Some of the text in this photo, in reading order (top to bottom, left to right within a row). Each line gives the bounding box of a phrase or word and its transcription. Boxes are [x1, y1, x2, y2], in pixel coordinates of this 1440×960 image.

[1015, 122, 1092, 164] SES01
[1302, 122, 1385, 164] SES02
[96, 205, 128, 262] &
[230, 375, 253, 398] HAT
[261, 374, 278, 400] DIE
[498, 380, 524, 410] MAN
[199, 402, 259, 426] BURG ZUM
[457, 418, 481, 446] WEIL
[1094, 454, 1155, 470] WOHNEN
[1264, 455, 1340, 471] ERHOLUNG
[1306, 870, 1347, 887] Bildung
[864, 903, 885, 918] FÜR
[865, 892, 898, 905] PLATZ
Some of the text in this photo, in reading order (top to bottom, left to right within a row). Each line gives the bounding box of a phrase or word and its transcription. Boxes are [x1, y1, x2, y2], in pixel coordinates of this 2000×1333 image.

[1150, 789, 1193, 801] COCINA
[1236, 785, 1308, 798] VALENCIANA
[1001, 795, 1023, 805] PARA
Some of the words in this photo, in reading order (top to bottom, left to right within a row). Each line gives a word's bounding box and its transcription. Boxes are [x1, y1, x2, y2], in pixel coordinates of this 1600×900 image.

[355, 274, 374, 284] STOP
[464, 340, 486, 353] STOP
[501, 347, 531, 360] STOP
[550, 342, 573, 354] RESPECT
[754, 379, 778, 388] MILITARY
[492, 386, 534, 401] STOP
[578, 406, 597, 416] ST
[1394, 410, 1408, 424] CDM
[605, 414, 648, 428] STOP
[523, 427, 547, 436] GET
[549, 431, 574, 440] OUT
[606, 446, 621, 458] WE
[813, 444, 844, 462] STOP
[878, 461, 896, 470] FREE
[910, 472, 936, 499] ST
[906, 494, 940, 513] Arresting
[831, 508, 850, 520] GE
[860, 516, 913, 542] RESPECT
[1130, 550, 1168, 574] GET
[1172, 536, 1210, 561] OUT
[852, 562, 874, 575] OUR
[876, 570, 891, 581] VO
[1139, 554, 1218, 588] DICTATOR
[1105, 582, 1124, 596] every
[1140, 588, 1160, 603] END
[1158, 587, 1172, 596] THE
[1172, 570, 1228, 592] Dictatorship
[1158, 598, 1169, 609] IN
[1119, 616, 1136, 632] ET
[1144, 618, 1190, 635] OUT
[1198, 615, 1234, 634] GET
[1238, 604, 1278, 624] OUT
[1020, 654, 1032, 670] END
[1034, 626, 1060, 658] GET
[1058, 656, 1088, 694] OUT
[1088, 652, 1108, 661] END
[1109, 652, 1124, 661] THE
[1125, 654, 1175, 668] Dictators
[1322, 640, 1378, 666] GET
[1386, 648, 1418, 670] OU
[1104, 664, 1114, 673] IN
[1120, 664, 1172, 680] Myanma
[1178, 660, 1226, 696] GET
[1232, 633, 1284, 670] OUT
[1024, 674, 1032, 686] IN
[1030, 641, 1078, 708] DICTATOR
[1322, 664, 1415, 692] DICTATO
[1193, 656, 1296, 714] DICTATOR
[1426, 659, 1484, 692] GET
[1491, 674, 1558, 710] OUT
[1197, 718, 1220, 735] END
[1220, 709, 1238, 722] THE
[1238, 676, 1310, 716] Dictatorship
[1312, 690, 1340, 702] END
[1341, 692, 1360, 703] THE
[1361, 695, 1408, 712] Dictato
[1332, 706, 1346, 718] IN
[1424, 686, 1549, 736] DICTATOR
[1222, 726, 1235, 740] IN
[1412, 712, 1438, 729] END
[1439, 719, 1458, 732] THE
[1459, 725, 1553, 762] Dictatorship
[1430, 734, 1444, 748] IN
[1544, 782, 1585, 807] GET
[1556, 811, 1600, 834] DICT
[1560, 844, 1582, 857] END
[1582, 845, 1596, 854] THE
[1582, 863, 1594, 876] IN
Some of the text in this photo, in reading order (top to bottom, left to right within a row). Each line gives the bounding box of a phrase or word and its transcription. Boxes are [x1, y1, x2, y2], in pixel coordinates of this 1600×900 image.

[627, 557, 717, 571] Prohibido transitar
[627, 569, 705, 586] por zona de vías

--

- What you should do -
This exercise calls for an exact reproduction of the material.

- Completed exercise -
Some of the text in this photo, in reading order (top to bottom, left to right within a row). Each line gives the bounding box of a phrase or word and its transcription. Boxes are [x1, y1, x2, y2], in pixel coordinates of this 1440×960 image.

[1015, 122, 1092, 164] SES01
[1302, 122, 1385, 164] SES02
[96, 205, 128, 262] &
[230, 375, 253, 398] HAT
[261, 374, 278, 400] DIE
[498, 380, 524, 410] MAN
[199, 402, 259, 426] BURG ZUM
[457, 418, 481, 446] WEIL
[1094, 454, 1155, 470] WOHNEN
[1264, 455, 1340, 471] ERHOLUNG
[1306, 870, 1347, 887] Bildung
[864, 903, 885, 918] FÜR
[865, 892, 898, 905] PLATZ
Some of the text in this photo, in reading order (top to bottom, left to right within a row). Each line gives the bounding box of a phrase or word and its transcription. Boxes are [x1, y1, x2, y2], in pixel coordinates of this 2000×1333 image.

[1150, 789, 1193, 801] COCINA
[1236, 785, 1308, 798] VALENCIANA
[1001, 795, 1023, 805] PARA
Some of the words in this photo, in reading order (top to bottom, left to right within a row). Each line gives a word's bounding box and its transcription. Boxes are [x1, y1, x2, y2], in pixel coordinates of this 1600×900 image.

[355, 274, 374, 284] STOP
[464, 340, 486, 353] STOP
[501, 347, 531, 360] STOP
[550, 342, 573, 354] RESPECT
[754, 379, 778, 388] MILITARY
[492, 386, 534, 401] STOP
[578, 406, 597, 416] ST
[1394, 410, 1408, 424] CDM
[605, 414, 648, 428] STOP
[523, 427, 547, 436] GET
[549, 431, 574, 440] OUT
[606, 446, 621, 458] WE
[813, 444, 844, 462] STOP
[878, 461, 896, 470] FREE
[910, 472, 936, 499] ST
[906, 494, 940, 513] Arresting
[831, 508, 850, 520] GE
[860, 516, 913, 542] RESPECT
[1130, 550, 1168, 574] GET
[1172, 536, 1210, 561] OUT
[852, 562, 874, 575] OUR
[876, 570, 891, 581] VO
[1139, 554, 1218, 588] DICTATOR
[1105, 582, 1124, 596] every
[1140, 588, 1160, 603] END
[1158, 587, 1172, 596] THE
[1172, 570, 1228, 592] Dictatorship
[1158, 598, 1169, 609] IN
[1119, 616, 1136, 632] ET
[1144, 618, 1190, 635] OUT
[1198, 615, 1234, 634] GET
[1238, 604, 1278, 624] OUT
[1020, 654, 1032, 670] END
[1034, 626, 1060, 658] GET
[1058, 656, 1088, 694] OUT
[1088, 652, 1108, 661] END
[1109, 652, 1124, 661] THE
[1125, 654, 1175, 668] Dictators
[1322, 640, 1378, 666] GET
[1386, 648, 1418, 670] OU
[1104, 664, 1114, 673] IN
[1120, 664, 1172, 680] Myanma
[1178, 660, 1226, 696] GET
[1232, 633, 1284, 670] OUT
[1024, 674, 1032, 686] IN
[1030, 641, 1078, 708] DICTATOR
[1322, 664, 1415, 692] DICTATO
[1193, 656, 1296, 714] DICTATOR
[1426, 659, 1484, 692] GET
[1491, 674, 1558, 710] OUT
[1197, 718, 1220, 735] END
[1220, 709, 1238, 722] THE
[1238, 676, 1310, 716] Dictatorship
[1312, 690, 1340, 702] END
[1341, 692, 1360, 703] THE
[1361, 695, 1408, 712] Dictato
[1332, 706, 1346, 718] IN
[1424, 686, 1549, 736] DICTATOR
[1222, 726, 1235, 740] IN
[1412, 712, 1438, 729] END
[1439, 719, 1458, 732] THE
[1459, 725, 1553, 762] Dictatorship
[1430, 734, 1444, 748] IN
[1544, 782, 1585, 807] GET
[1556, 811, 1600, 834] DICT
[1560, 844, 1582, 857] END
[1582, 845, 1596, 854] THE
[1582, 863, 1594, 876] IN
Some of the text in this photo, in reading order (top to bottom, left to right within a row). Each line gives the bounding box of a phrase or word and its transcription. Boxes are [x1, y1, x2, y2], in pixel coordinates of this 1600×900 image.

[627, 557, 717, 571] Prohibido transitar
[627, 569, 705, 586] por zona de vías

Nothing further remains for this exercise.